Take the entries below and retype them word for word, excluding the images.

◇ ◇ ◇

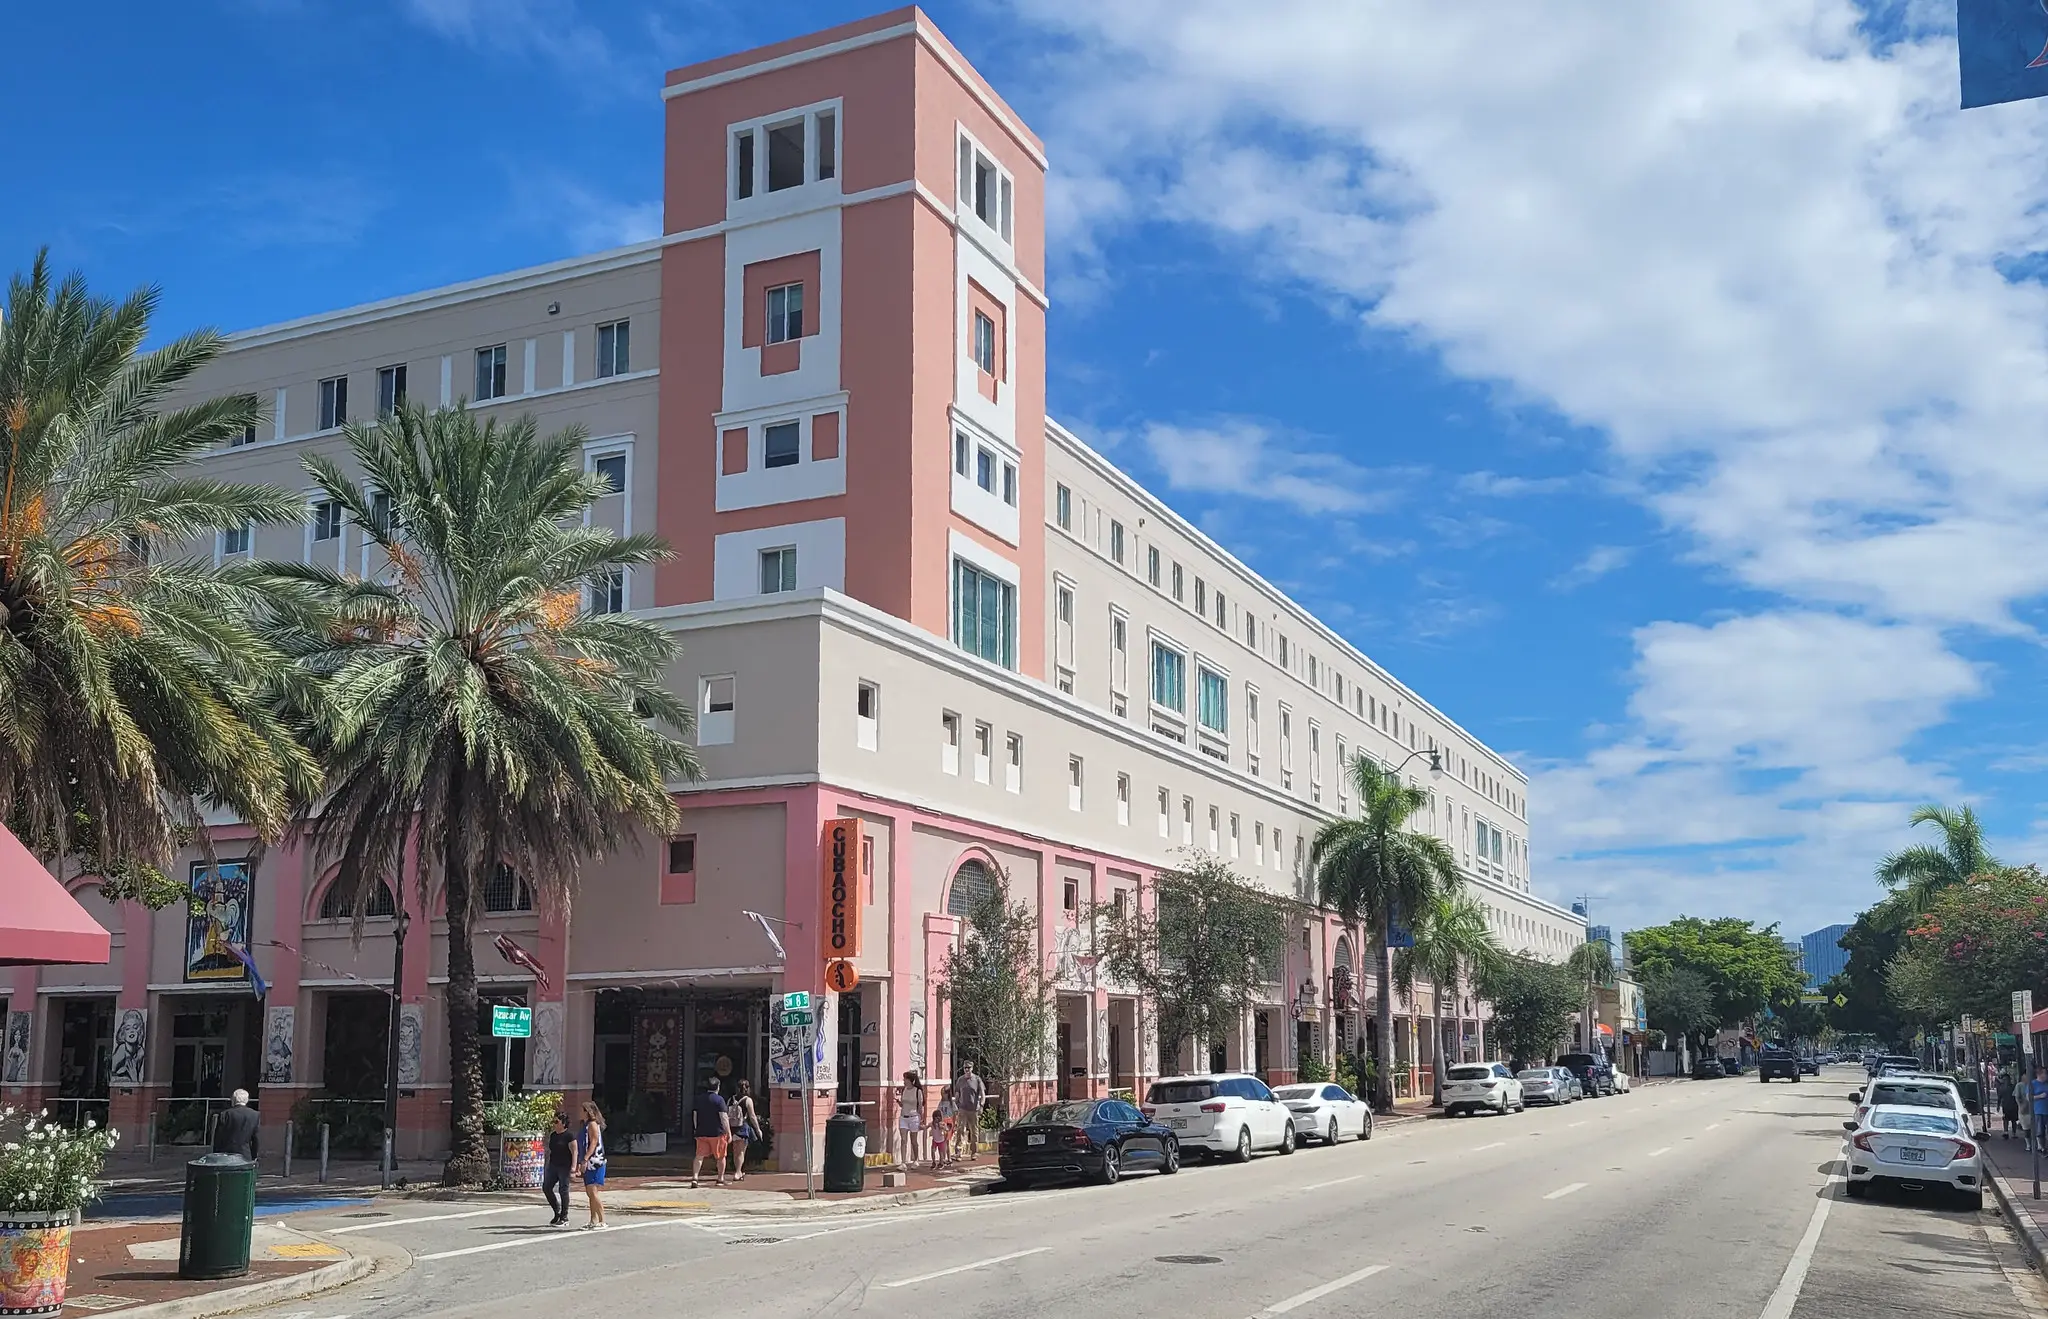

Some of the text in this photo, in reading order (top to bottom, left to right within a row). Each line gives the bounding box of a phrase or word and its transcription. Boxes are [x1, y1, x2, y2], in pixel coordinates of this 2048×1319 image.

[832, 827, 846, 949] CUBAOCHO
[796, 995, 801, 1007] 8
[495, 1009, 530, 1021] Azucar Av
[791, 1013, 800, 1025] 15
[804, 1014, 812, 1023] AV
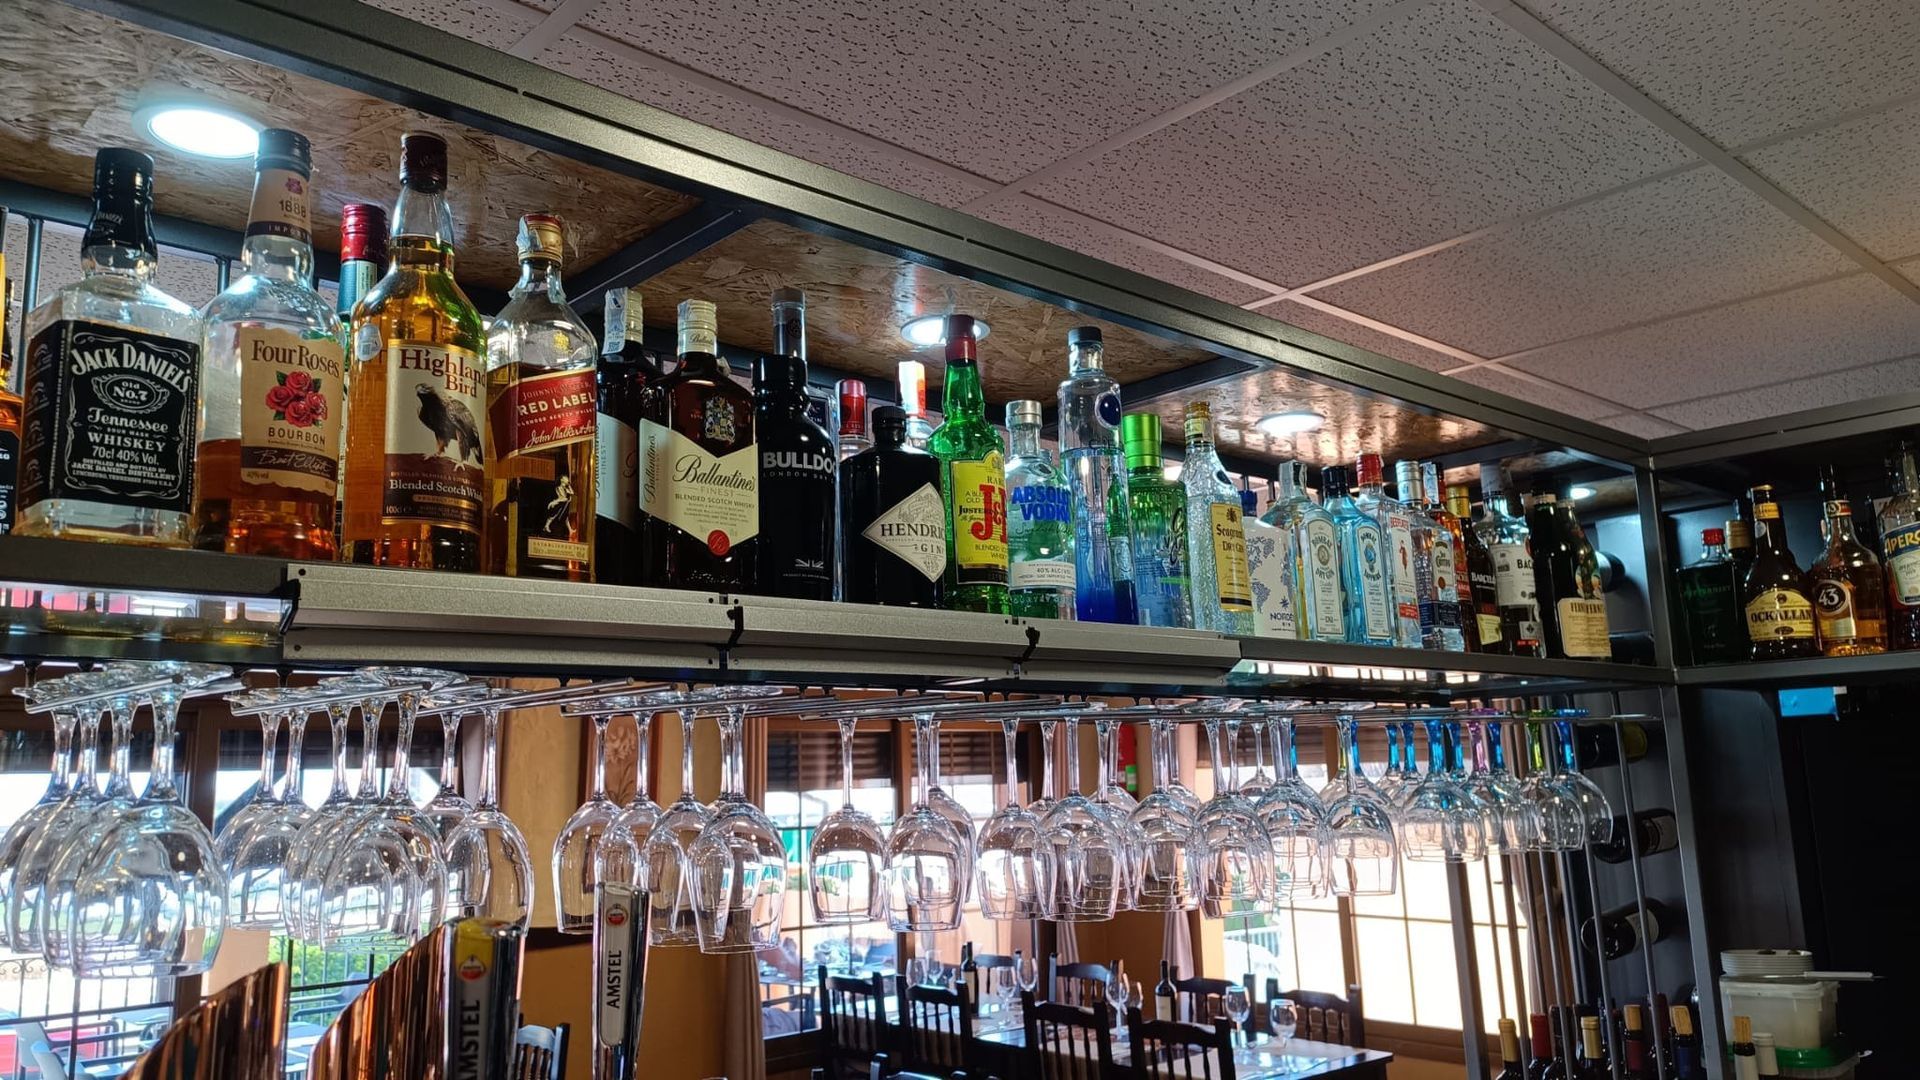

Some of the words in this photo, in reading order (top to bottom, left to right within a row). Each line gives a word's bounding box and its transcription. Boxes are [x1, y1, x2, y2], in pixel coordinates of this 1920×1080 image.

[280, 199, 306, 218] 1888
[71, 347, 120, 375] JACK
[123, 343, 193, 393] DANIEL'S
[251, 339, 298, 365] Four
[297, 344, 340, 379] Roses
[399, 348, 487, 389] Highland
[121, 380, 140, 389] Old
[444, 374, 478, 399] Bird
[517, 400, 549, 416] RED
[552, 391, 595, 410] LABEL
[87, 407, 169, 433] Tennessee
[88, 431, 166, 452] WHISKEY
[268, 426, 326, 446] BOURBON
[92, 445, 115, 459] 70cl
[116, 450, 140, 463] 40%
[141, 452, 160, 465] Vol.
[763, 451, 836, 475] BULLDO
[71, 461, 94, 471] JACK
[95, 464, 126, 475] DANIEL
[672, 453, 757, 493] Ballantine's
[389, 479, 434, 492] Blended
[435, 481, 467, 497] Scotch
[700, 486, 735, 498] FINEST
[675, 493, 706, 502] BLENDED
[707, 496, 733, 506] SCOTCH
[1818, 586, 1841, 607] 43
[605, 950, 623, 1010] AMSTEL
[459, 1000, 480, 1080] MSTEL
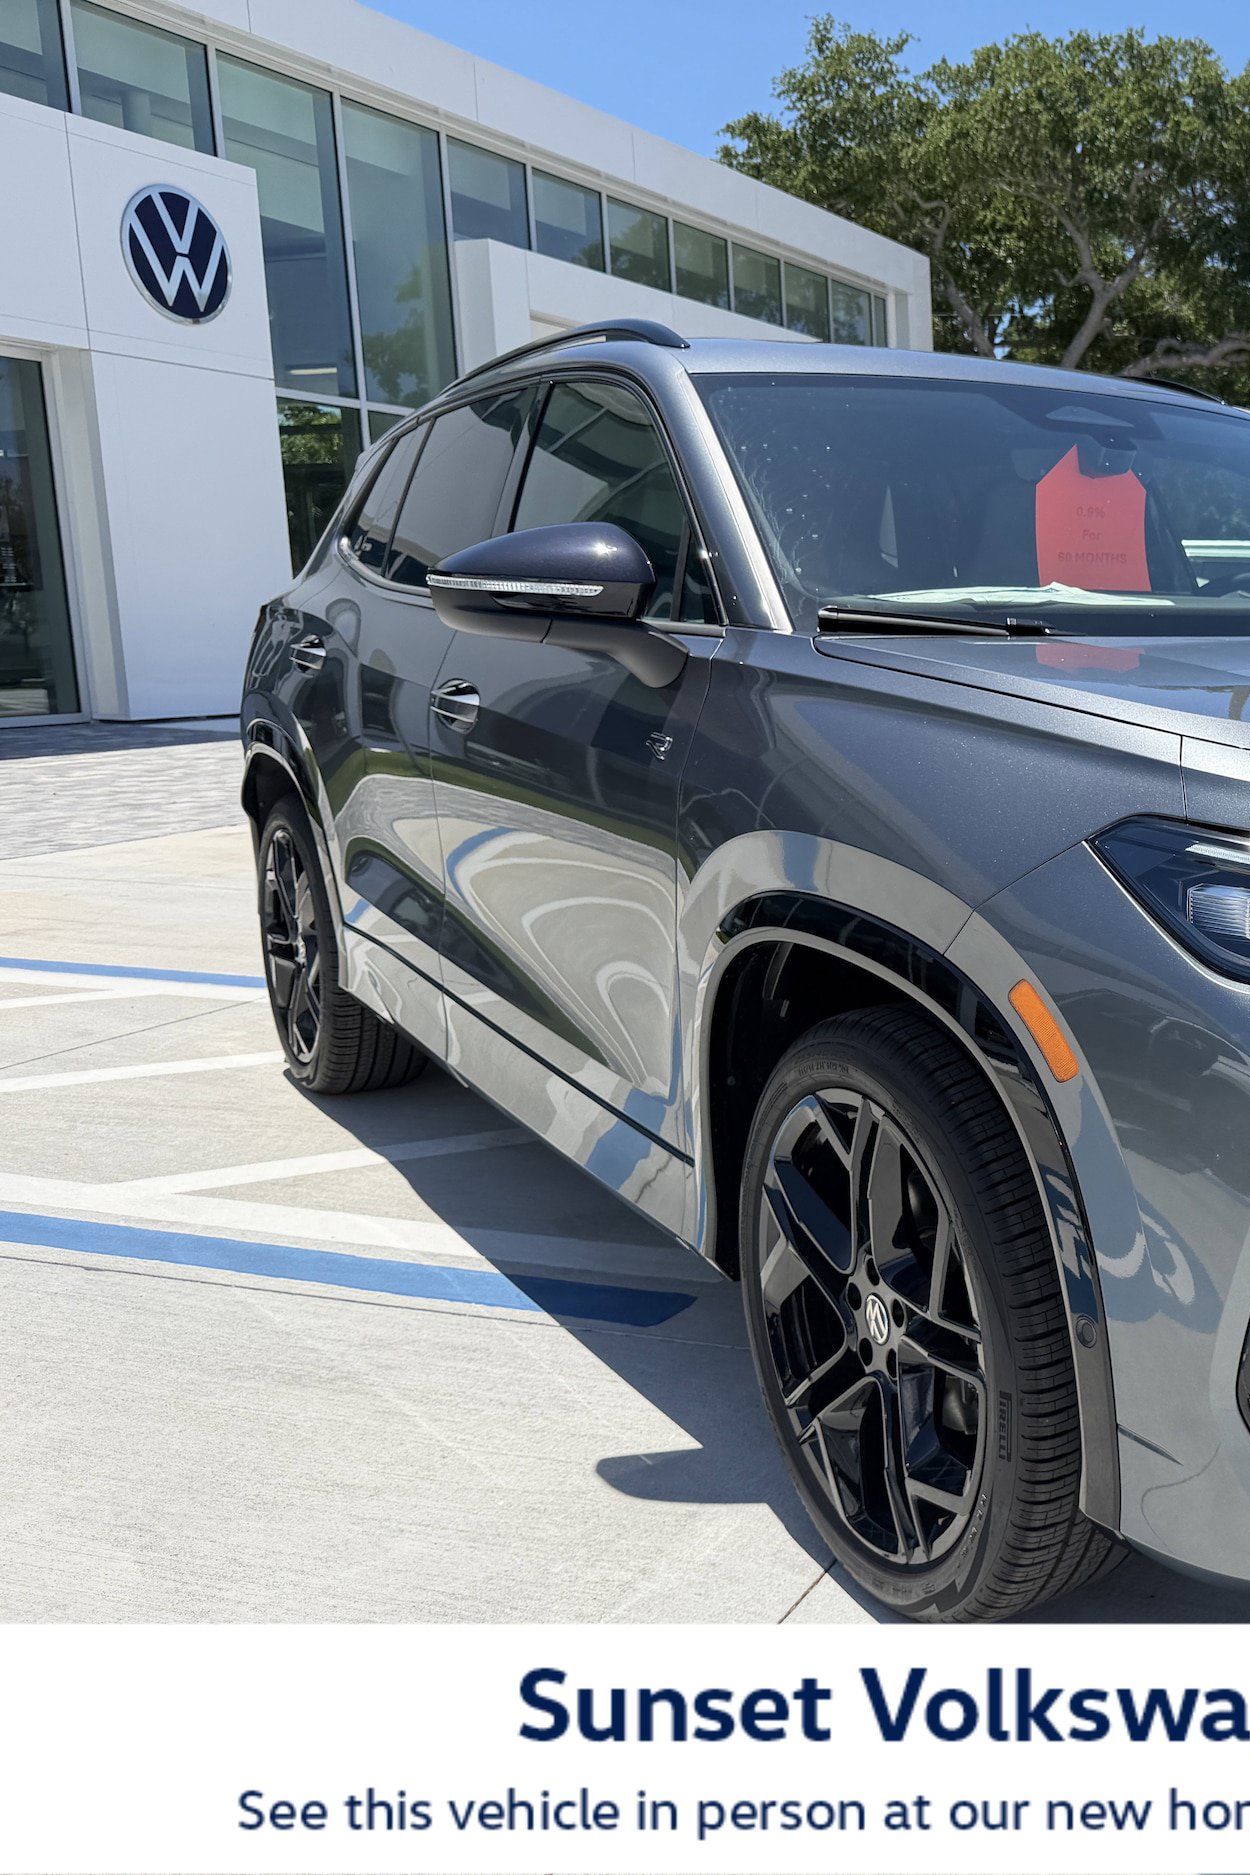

◇ ◇ ◇

### Result for this task:
Some of the text in this photo, in reading order (top to bottom, left to right within a row). Each line gives the bounding box of a phrase or word and its transcription. Boxes are [x1, y1, x2, y2], in pixel coordinates of this 2048×1319 image.

[832, 827, 846, 949] CUBAOCHO
[796, 995, 801, 1007] 8
[495, 1009, 530, 1021] Azucar Av
[791, 1013, 800, 1025] 15
[804, 1014, 812, 1023] AV

Some of the words in this photo, in reading order (top to bottom, left to right within a row). Each line gives a word's bounding box and its transcription. Boxes are [x1, y1, x2, y2], in pixel coordinates of this 1920×1080 image.

[280, 199, 306, 218] 1888
[71, 347, 120, 375] JACK
[123, 343, 193, 393] DANIEL'S
[251, 339, 298, 365] Four
[297, 344, 340, 379] Roses
[399, 348, 487, 389] Highland
[121, 380, 140, 389] Old
[444, 374, 478, 399] Bird
[517, 400, 549, 416] RED
[552, 391, 595, 410] LABEL
[87, 407, 169, 433] Tennessee
[88, 431, 166, 452] WHISKEY
[268, 426, 326, 446] BOURBON
[92, 445, 115, 459] 70cl
[116, 450, 140, 463] 40%
[141, 452, 160, 465] Vol.
[763, 451, 836, 475] BULLDO
[71, 461, 94, 471] JACK
[95, 464, 126, 475] DANIEL
[672, 453, 757, 493] Ballantine's
[389, 479, 434, 492] Blended
[435, 481, 467, 497] Scotch
[700, 486, 735, 498] FINEST
[675, 493, 706, 502] BLENDED
[707, 496, 733, 506] SCOTCH
[1818, 586, 1841, 607] 43
[605, 950, 623, 1010] AMSTEL
[459, 1000, 480, 1080] MSTEL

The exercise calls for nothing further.